- Church: Catholic Church
- Diocese: Diocese of Ibadan
- In office: 13 March 1953 – 3 July 1974
- Predecessor: Prefecture erected
- Successor: Felix Alaba Adeosin Job

Orders
- Ordination: 14 December 1941 by Edward Mulhern
- Consecration: 8 February 1959 by Leo Hale Taylor

Personal details
- Born: 3 March 1912 Tawnylough, Clanmorris, County Mayo, United Kingdom of Great Britain and Ireland
- Died: 4 January 1989 (aged 76) Galway, County Galway, Republic of Ireland
- Education: University College Galway University College Cork

= Richard Finn (bishop) =

Irish priest, Catholic bishop in Nigeria

Richard Finn SMA (1912-1989), was an Irish-born priest and a member of the Society of African Missions who served as Bishop for the Roman Catholic Archdiocese of Ibadan in Nigeria.

== Life ==
===Early life and education===
Finn was born in 1912, Tawnylough, in Clanmorris Barony, County Mayo, Ireland.

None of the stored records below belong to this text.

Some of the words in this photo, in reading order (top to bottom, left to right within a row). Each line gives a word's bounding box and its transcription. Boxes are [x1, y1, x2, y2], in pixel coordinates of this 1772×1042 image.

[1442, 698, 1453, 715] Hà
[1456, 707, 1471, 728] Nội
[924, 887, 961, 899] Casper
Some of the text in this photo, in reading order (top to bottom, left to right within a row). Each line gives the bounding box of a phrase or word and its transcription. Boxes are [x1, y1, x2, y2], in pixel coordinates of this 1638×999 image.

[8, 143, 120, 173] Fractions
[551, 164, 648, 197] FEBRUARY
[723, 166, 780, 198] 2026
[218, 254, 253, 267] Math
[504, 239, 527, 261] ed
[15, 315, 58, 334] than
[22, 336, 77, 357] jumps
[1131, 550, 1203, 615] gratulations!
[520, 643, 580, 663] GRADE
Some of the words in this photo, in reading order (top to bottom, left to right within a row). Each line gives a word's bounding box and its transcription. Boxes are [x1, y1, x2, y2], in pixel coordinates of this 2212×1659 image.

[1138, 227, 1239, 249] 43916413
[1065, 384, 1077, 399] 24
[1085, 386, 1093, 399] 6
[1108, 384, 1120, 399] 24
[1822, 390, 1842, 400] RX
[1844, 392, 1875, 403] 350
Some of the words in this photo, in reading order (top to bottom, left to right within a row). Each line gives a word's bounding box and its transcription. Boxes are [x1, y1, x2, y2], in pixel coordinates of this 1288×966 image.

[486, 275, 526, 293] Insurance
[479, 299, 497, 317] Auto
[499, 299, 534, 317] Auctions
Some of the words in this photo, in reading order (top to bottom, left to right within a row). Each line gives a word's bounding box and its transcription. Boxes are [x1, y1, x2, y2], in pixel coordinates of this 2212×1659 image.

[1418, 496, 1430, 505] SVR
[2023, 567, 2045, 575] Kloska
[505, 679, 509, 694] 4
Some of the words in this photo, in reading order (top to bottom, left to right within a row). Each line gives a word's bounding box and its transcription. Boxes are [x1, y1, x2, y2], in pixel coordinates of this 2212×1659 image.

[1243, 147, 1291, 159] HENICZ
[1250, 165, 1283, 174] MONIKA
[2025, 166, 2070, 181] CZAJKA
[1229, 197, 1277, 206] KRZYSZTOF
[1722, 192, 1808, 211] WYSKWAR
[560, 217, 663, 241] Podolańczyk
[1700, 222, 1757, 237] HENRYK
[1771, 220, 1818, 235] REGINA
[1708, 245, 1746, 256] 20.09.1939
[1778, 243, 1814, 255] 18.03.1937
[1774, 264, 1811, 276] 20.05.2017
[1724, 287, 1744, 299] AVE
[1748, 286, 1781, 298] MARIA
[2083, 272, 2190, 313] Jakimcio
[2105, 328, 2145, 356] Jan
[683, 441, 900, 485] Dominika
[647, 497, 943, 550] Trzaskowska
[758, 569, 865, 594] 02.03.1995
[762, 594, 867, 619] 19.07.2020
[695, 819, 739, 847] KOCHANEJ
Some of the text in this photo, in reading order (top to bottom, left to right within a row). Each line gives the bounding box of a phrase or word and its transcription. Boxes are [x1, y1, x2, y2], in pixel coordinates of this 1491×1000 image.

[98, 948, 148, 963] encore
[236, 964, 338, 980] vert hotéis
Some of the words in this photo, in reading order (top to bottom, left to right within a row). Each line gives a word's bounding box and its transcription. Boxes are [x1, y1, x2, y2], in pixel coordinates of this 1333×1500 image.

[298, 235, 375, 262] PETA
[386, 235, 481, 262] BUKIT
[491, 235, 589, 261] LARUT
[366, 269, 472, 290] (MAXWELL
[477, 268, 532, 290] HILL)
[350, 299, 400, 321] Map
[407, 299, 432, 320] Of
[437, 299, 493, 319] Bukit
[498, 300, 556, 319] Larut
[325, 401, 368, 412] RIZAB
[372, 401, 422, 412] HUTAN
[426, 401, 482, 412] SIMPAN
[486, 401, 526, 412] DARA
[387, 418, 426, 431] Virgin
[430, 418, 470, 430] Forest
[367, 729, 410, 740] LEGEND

He joined the Society of African Missions (SMA Fathers), first at St. Joseph's College in Wilton, Cork, attending lectures in University College Cork, before entering the Society's novitiate and house of philosophy, at Kilcolgan, County Galway in 1936. He graduated with a B.A. degree in Education and Philosophy in 1938 at University College Galway. From 1936, he studied theology at the Society's seminary at Dromantine House, County Down.

===Later studies and early assignments===
Post-ordination in 1941, at St. Colman's Newry, he continued his studies in Wilton, Cork, completing a H.Dip in Education from University College Cork. In 1943, he was sent to Nigeria's Archdiocese of Lagos, serving until 1952, when he returned to Ireland to be rector/principal of the SMA College in Ballinafad from 1952 to 1953.

===Ibadan===
Finn was made Prefect Apostolic of Ibadan in 1953, a church unit which was created from the Archdiocese of Lagos. In 1958 Ibadan was elevated to a diocese, with Monsignor Finn made the first Bishop of Ibadan.

During the Nigerian Civil War, like many other Irish religious figures serving in Nigeria at the time, Finn expressed a pro-federalist view.

===Later===
Finn retired in 1974, returned to Ireland, and served in Knock, in his native County Mayo. He died on 4 January 1989 in hospital in Galway, following a short illness, and is buried in the SMA Cemetery in Wilton, Cork.